Goal of the exercise
Give back every record below word for word, with the pictures omitted.

Recorded data
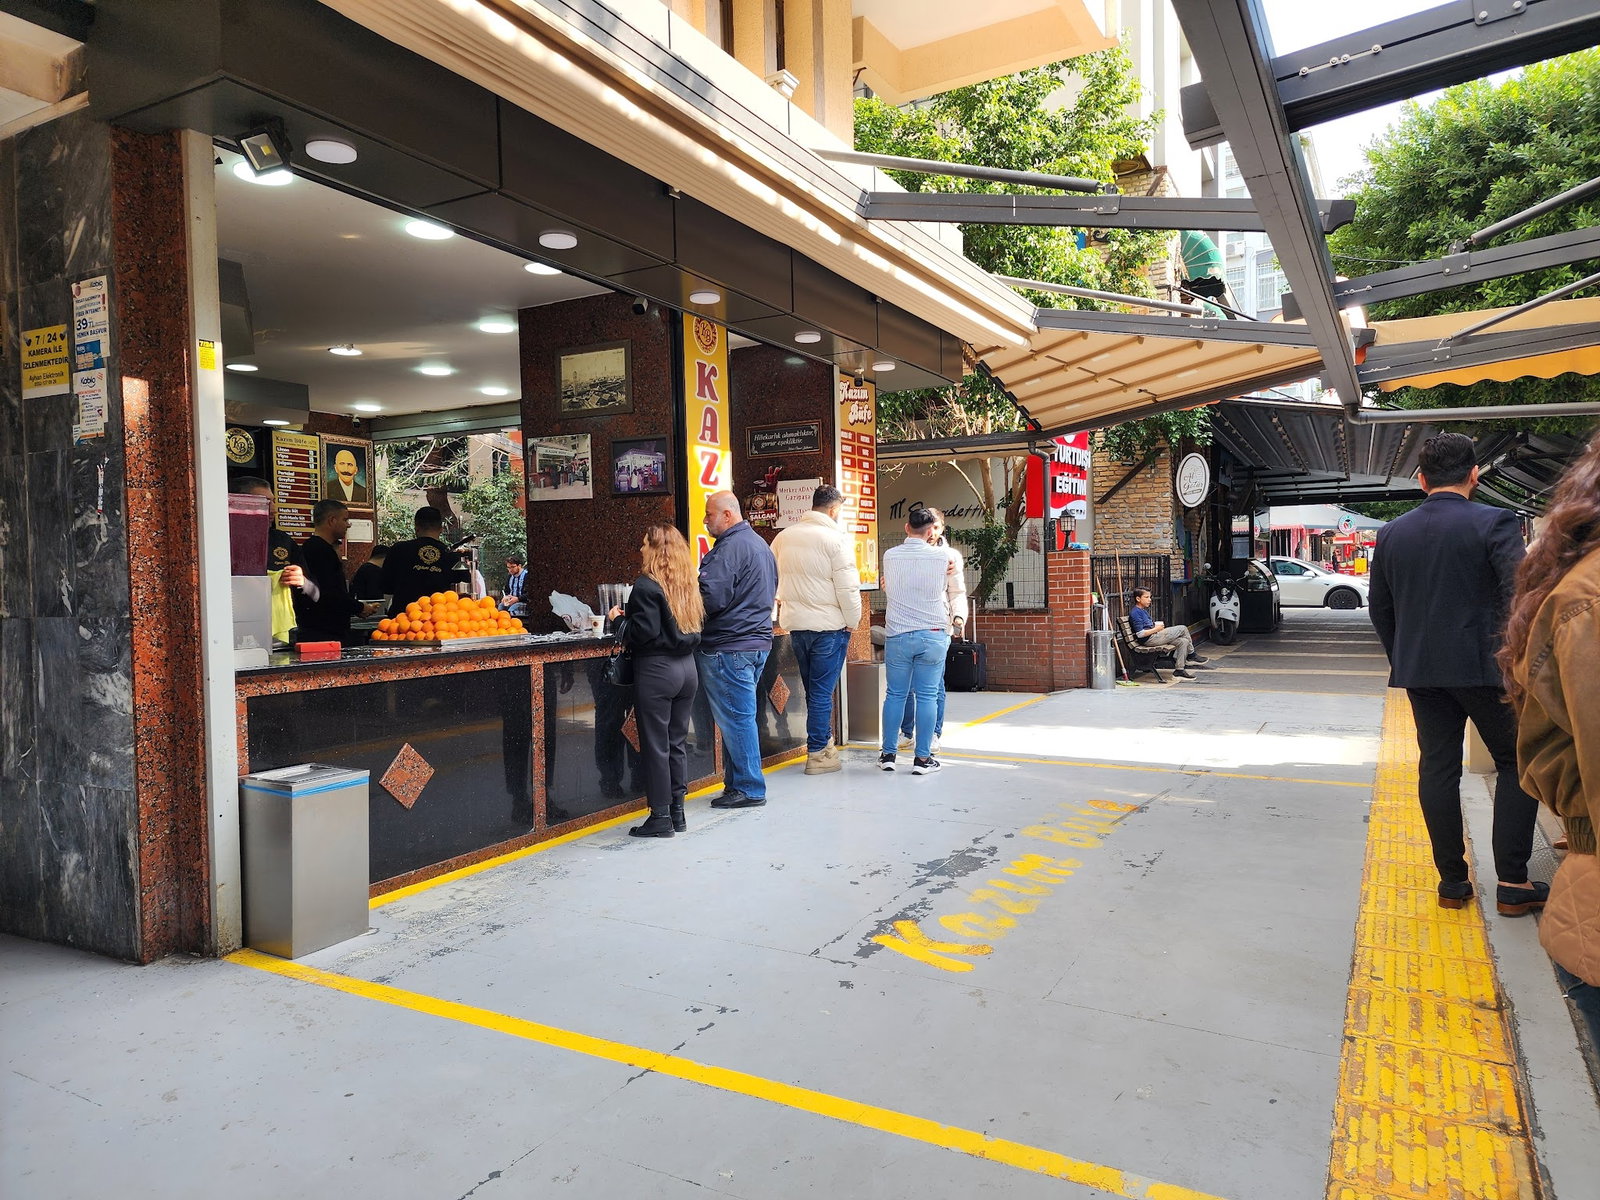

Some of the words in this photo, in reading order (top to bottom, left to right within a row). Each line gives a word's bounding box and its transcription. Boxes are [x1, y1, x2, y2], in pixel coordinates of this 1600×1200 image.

[76, 318, 88, 331] 39
[35, 335, 40, 345] 7
[47, 332, 58, 344] 24
[28, 347, 53, 358] KAMERA
[849, 401, 872, 424] Büfe
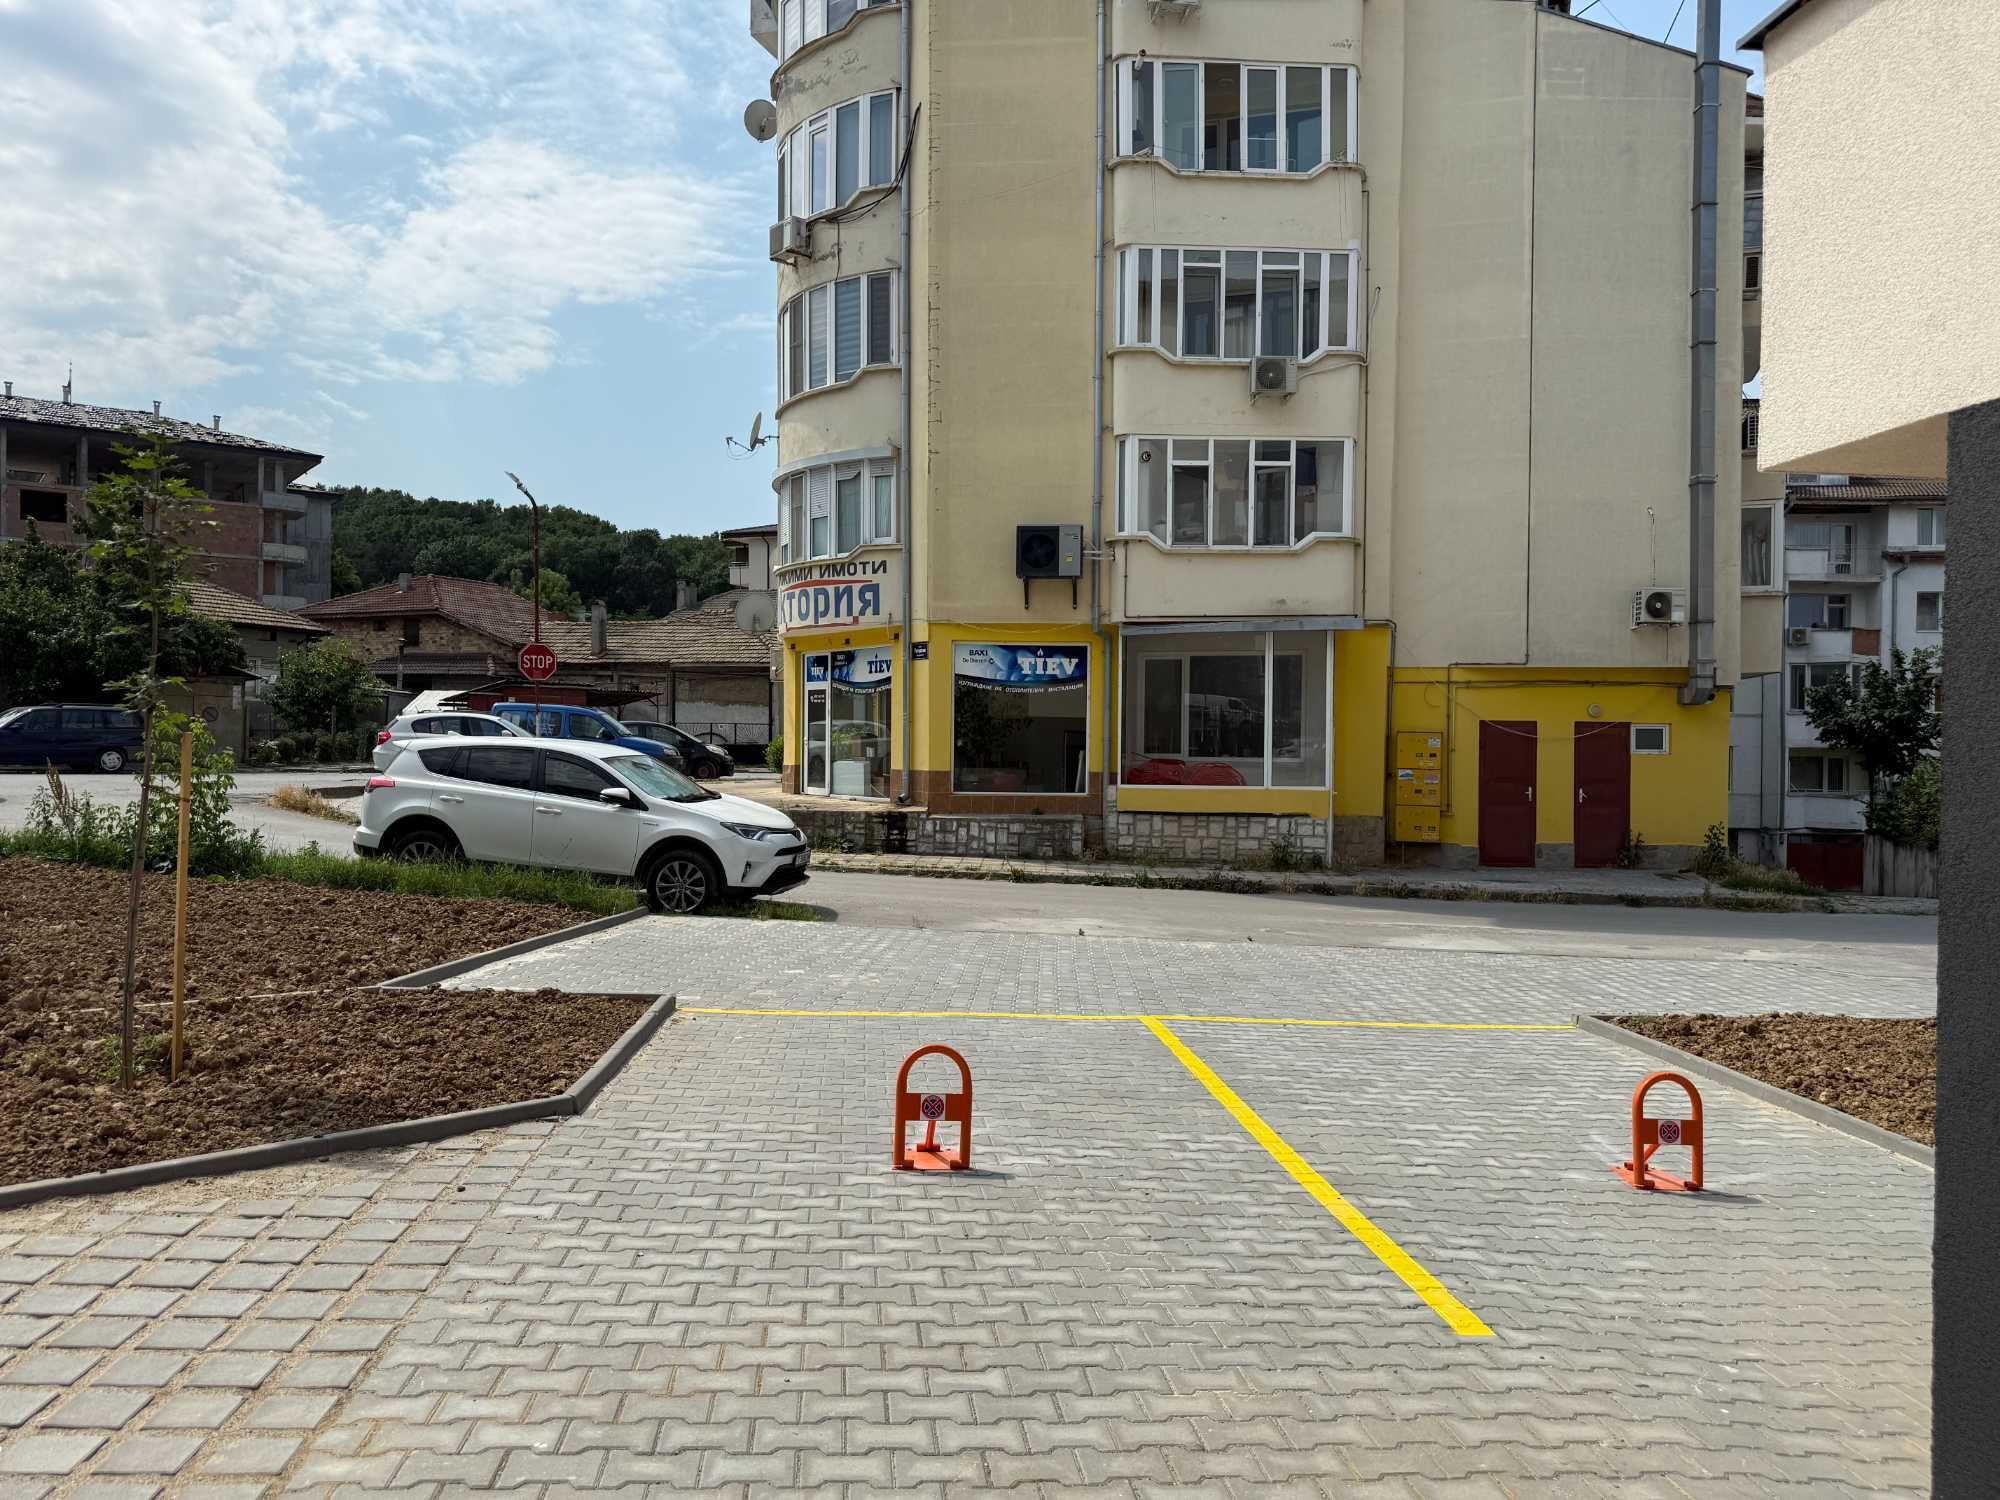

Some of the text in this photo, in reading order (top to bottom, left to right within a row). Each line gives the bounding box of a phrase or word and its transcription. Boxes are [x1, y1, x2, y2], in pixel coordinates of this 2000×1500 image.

Answer box
Some of the words in this photo, in reading order (top to bottom, left to right within a row). Each line gives a word's bounding box and its transcription. Boxes are [x1, y1, x2, y2], in pixel coordinates of this 1600×1200 image.

[76, 318, 88, 331] 39
[35, 335, 40, 345] 7
[47, 332, 58, 344] 24
[28, 347, 53, 358] KAMERA
[849, 401, 872, 424] Büfe

Some of the text in this photo, in reading order (top to bottom, left to right within a row). Each line gives the bounding box of a phrase or word and its transcription. Boxes are [x1, y1, x2, y2], in pixel coordinates of this 2000×1500 image.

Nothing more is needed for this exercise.